L’âge avancé, les comorbidités et la fragilité augmentent la probabilité de la survenue d’un arrêt circulatoire. Au plus tard lorsqu’une telle situation se présente, il est judicieux d’aborder la question de la réanimation – par exemple dans le cadre d’une planification anticipée concernant la santé (ACP) – et de consigner la volonté de la personne dans un document ayant une validité juridique. Pour être en mesure d’établir un pronostic réaliste, il est recommandé de consulter une experte ou un expert. Toutefois, les patientes et patients peuvent également rédiger leur volonté sans l’aide d’une ou d’un professionnel et, par exemple, la consigner dans des directives anticipées. Un entretien entre la personne concernée resp. le représentant légal, les proches et le personnel de santé peut s’avérer utile pour l’évaluation individuelle des risques et des bénéfices et pour soutenir la décision pour ou contre une réanimation. Même lorsqu’elle a été enregistrée, une décision peut être modifiée à tout moment par la personne capable de discernement. Cette modification doit également être documentée.
A quels éléments l’équipe de secours s’oriente-t-elle dans la situation aiguë d’un arrêt circulatoire?
En principe, l’exigence du consentement explicite à un traitement s’applique également aux mesures de réanimation. Face à une personne victime d’un arrêt ­circulatoire incapable de discernement [8], il est impossible d’obtenir son consentement éclairé à ce moment-là. Dans une telle situation d’urgence, le Code civil suisse [9] stipule que le corps médical peut prendre des mesures médicales conformes à la volonté présumée et à l’intérêt de la personne incapable de discernement. Si la volonté (présumée) est connue, toutes les mesures doivent s’orienter dans ce sens. Pour autant que les circonstances (contraintes de temps, lieu de l’arrêt circulatoire, etc.) le permettent, l’équipe de secours doit rechercher des indices permettant de déterminer la volonté (présumée) de la personne concernée. Si celle-ci refuse les tentatives de réanimation, aucune mesure de réanimation ne peut être entreprise. S’il n’est pas possible de déterminer la volonté (présumée) de la personne, ses intérêts sont déterminants. Dans cette situation, sa vie doit, si possible, être préservée, mais les tentatives de réanimation doivent être interrompues si elles sont dénuées de sens.
Est-il toujours pertinent d’appliquer des mesures de réanimation lorsque la personne le souhaite ou que sa volonté n’est pas connue?
La décision pour ou contre une réanimation et sa documentation dans le dossier médical est lourde de conséquences. Dès lors, chaque décision doit reposer sur les principes éthiques d’une bonne pratique médicale.

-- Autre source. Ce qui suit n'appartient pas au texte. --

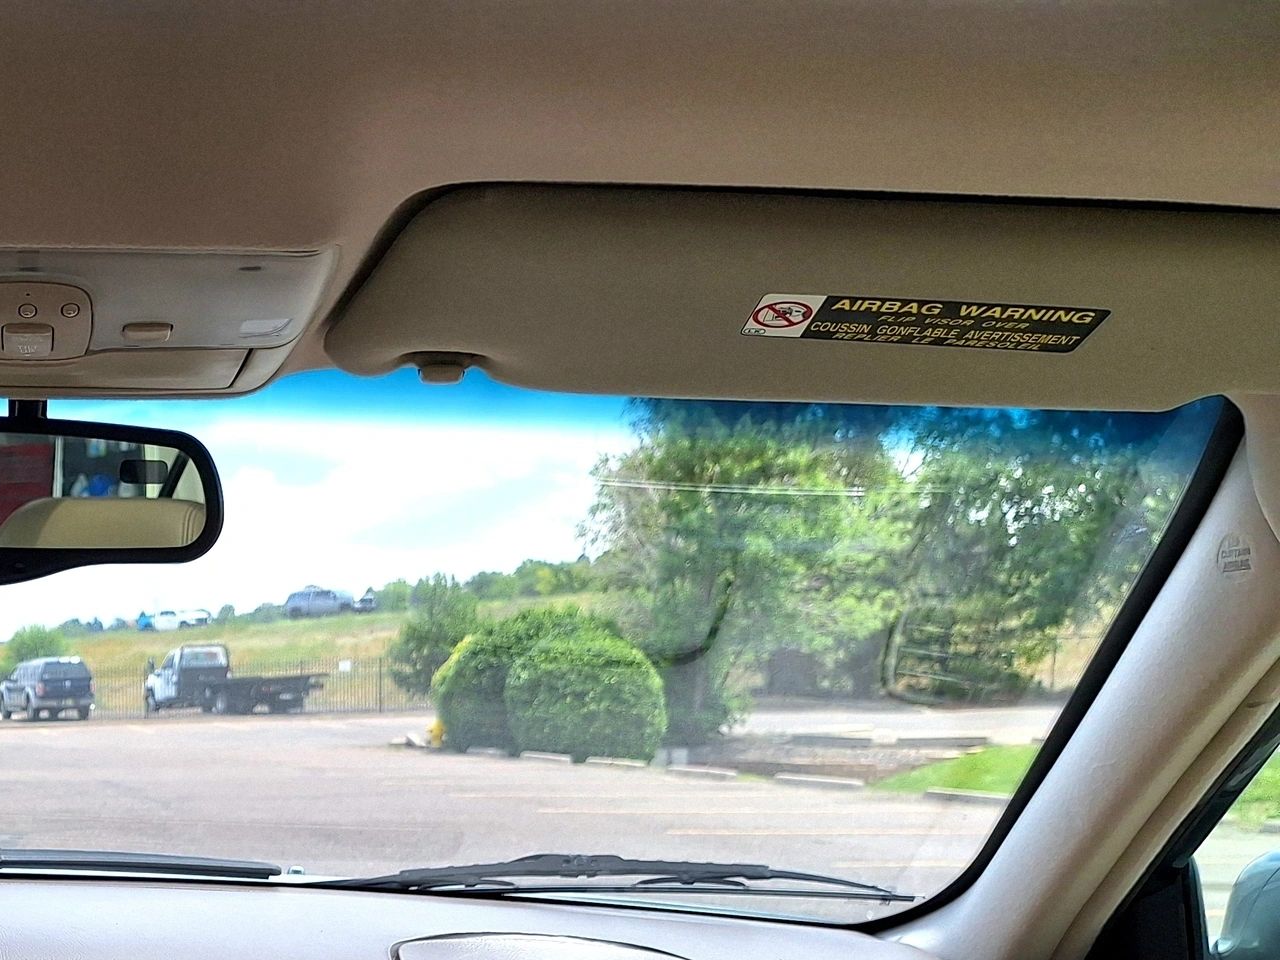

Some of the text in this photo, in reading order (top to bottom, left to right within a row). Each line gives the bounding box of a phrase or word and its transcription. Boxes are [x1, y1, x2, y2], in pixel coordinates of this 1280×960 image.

Il s’agit, entre autres, du respect de l’autonomie d’une personne et du respect des principes de bienfaisance et de non-malfaisance. Ceux-ci engagent à préserver la vie d’une personne dans la mesure du possible, mais aussi à renoncer aux efforts de réanimation s’ils sont dénués de sens. Les directives stipulent que les mesures de réanimation dénuées de sens ne se justifient pas du point de vue éthique. Elles éprouveraient inutilement la personne et ne feraient que prolonger son agonie.

L’essentiel en bref

• Pour soutenir les professionnels de la santé, l’Académie suisse des sciences médicales a publié en 2008 des directives médico-éthiques, qu’elle vient de réviser.
• Les directives actualisées accordent une importance élevée à l’autonomie des patientes et des patients ainsi qu’au concept de planification anticipée concernant la santé.
• Dans la décision Rea-oui/Rea-non, les directives ne sont pas basées sur la «survie après la sortie de l’hôpital», mais plutôt sur la «qualité de vie après la réanimation».
Académie Suisse des Sciences Médicales (ASSM)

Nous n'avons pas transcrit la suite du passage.